No need for a Thank You note

When I actually supervised a staff, the worst part of that job was doing interviews. Not that I didn’t like the people I met. I just can’t pay attention to the all that “qualified for the job” stuff. It’s like interviewing ADD. I’m too much a social person to be bogged down with all that information.

The benefit was that I had two managers, so I made them do all the prescreening and major interviewing. I’d tag team with them or better yet, would meet with the candidate afterwards and use big phrases like, “Well, let me tell you a little about the position” or “Was there anything said that needed more explanation.” Powerful non-committal statements are so great.

We had an open position last year. The two managers were prescreening some resumes and each selected their favorites. One manager picked a young woman who’d had a few years marketing experience. He definitely had a good eye for potential employees. The other manager, picked people he thought he’d have fun with or worked part-time at places that gave great discounts. He was gay and truly would make a better coffee hostess than a marketer. He was known more for his gossip than his abilities. (And no, I inherited him; I didn’t hire him.)

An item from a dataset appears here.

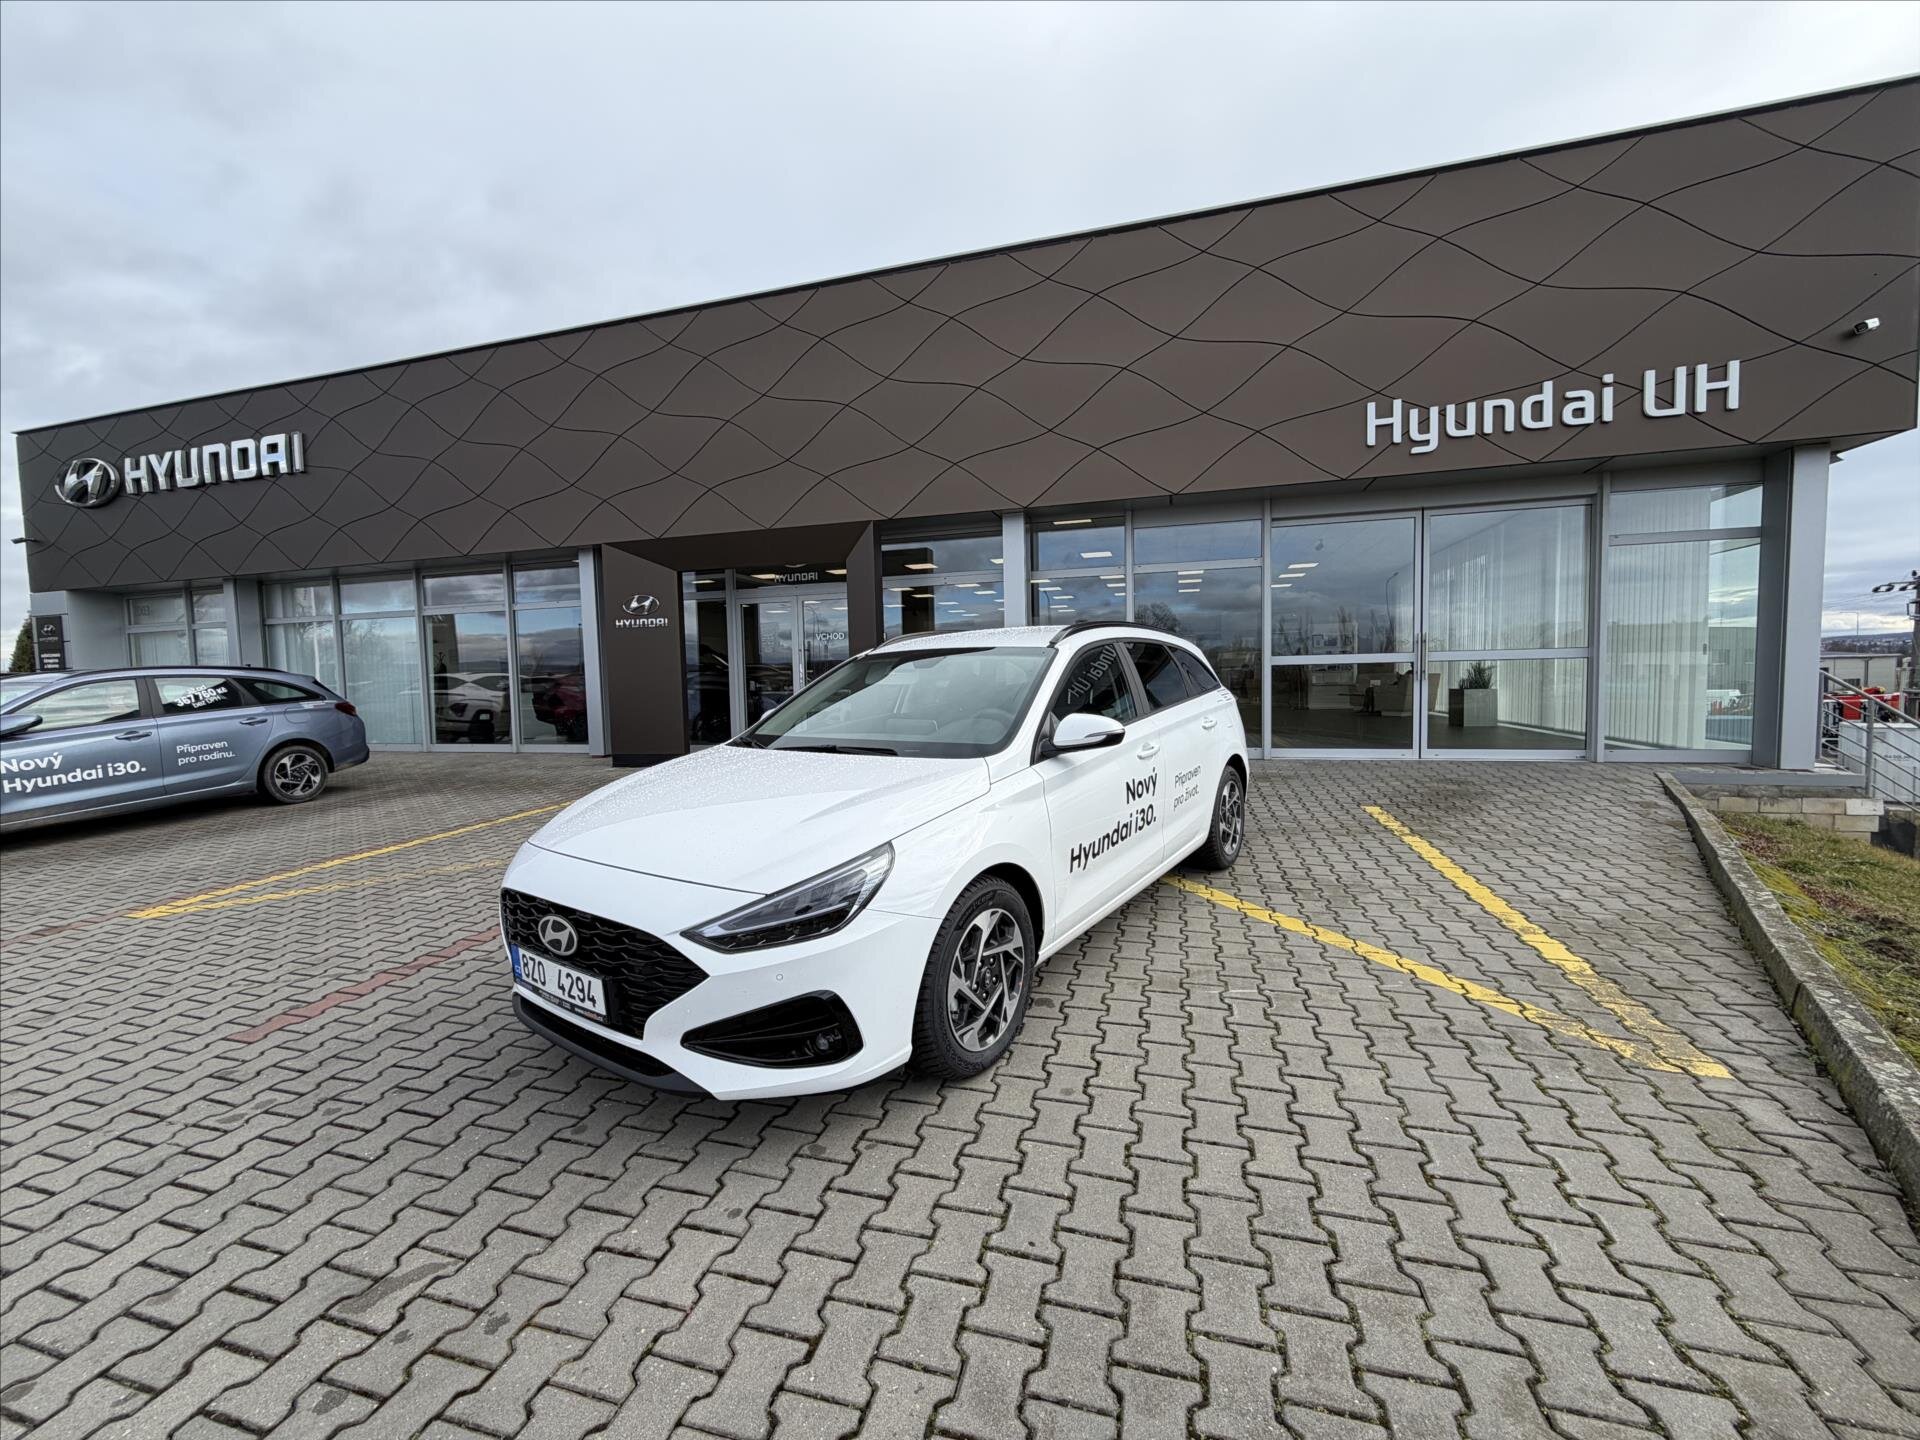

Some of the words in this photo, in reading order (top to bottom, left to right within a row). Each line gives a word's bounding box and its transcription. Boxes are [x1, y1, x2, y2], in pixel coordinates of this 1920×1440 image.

His latest submission was a young man who ran gym memberships at the YMCA. He was from South America, was incredibly handsome and easy on the eyes. His smile was captivating, but his knowledge of marketing could fill a thimble. It was all I could do to make conversation for the half hour meeting.

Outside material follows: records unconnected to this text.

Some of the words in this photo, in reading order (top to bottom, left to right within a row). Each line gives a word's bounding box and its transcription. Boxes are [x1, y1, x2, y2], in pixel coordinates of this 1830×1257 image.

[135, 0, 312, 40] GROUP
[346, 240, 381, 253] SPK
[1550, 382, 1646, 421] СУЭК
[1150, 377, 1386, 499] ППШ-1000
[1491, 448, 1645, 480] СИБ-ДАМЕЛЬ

After an interview, we’d get together and discuss the candidate. My review of this particular gentleman was not too favorable, but I wanted to give the two managers their chance at learning to detect a person’s strengths and weakness.

Manager #1 said, “I think his overall marketing knowledge is a little below average but he shows abilities in networking and we’ve never thought about that in this role before.”

Manager #2 just looked up from his coffee and said, “I thought he was delicious.”

Decision made.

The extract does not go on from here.